:: DATA FOR PROCESSING ::

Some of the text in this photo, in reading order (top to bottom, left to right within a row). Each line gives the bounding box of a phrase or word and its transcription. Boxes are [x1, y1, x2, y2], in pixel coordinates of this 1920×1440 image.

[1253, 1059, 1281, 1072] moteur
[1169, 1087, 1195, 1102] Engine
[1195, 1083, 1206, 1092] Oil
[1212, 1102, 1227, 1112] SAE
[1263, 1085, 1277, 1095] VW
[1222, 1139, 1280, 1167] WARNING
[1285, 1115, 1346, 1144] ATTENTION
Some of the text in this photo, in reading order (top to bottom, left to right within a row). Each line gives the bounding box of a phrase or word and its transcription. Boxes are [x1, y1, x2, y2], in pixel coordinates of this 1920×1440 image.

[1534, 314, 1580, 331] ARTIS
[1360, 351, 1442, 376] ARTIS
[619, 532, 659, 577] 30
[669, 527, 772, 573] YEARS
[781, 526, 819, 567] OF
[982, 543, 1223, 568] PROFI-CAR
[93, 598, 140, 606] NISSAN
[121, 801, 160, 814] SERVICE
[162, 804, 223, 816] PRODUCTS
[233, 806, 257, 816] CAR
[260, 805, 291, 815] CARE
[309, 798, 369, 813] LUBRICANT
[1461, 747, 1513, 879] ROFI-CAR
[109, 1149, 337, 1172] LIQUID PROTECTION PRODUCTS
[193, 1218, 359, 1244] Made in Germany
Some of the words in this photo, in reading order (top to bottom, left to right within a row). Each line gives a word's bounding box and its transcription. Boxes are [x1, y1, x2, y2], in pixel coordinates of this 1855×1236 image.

:::

**TO DO**
Word for word, give back all the lines above.

**EXERCISE SOLUTION**
Some of the text in this photo, in reading order (top to bottom, left to right within a row). Each line gives the bounding box of a phrase or word and its transcription. Boxes are [x1, y1, x2, y2], in pixel coordinates of this 1920×1440 image.

[1253, 1059, 1281, 1072] moteur
[1169, 1087, 1195, 1102] Engine
[1195, 1083, 1206, 1092] Oil
[1212, 1102, 1227, 1112] SAE
[1263, 1085, 1277, 1095] VW
[1222, 1139, 1280, 1167] WARNING
[1285, 1115, 1346, 1144] ATTENTION
Some of the text in this photo, in reading order (top to bottom, left to right within a row). Each line gives the bounding box of a phrase or word and its transcription. Boxes are [x1, y1, x2, y2], in pixel coordinates of this 1920×1440 image.

[1534, 314, 1580, 331] ARTIS
[1360, 351, 1442, 376] ARTIS
[619, 532, 659, 577] 30
[669, 527, 772, 573] YEARS
[781, 526, 819, 567] OF
[982, 543, 1223, 568] PROFI-CAR
[93, 598, 140, 606] NISSAN
[121, 801, 160, 814] SERVICE
[162, 804, 223, 816] PRODUCTS
[233, 806, 257, 816] CAR
[260, 805, 291, 815] CARE
[309, 798, 369, 813] LUBRICANT
[1461, 747, 1513, 879] ROFI-CAR
[109, 1149, 337, 1172] LIQUID PROTECTION PRODUCTS
[193, 1218, 359, 1244] Made in Germany
Some of the words in this photo, in reading order (top to bottom, left to right within a row). Each line gives a word's bounding box and its transcription. Boxes are [x1, y1, x2, y2], in pixel coordinates of this 1855×1236 image.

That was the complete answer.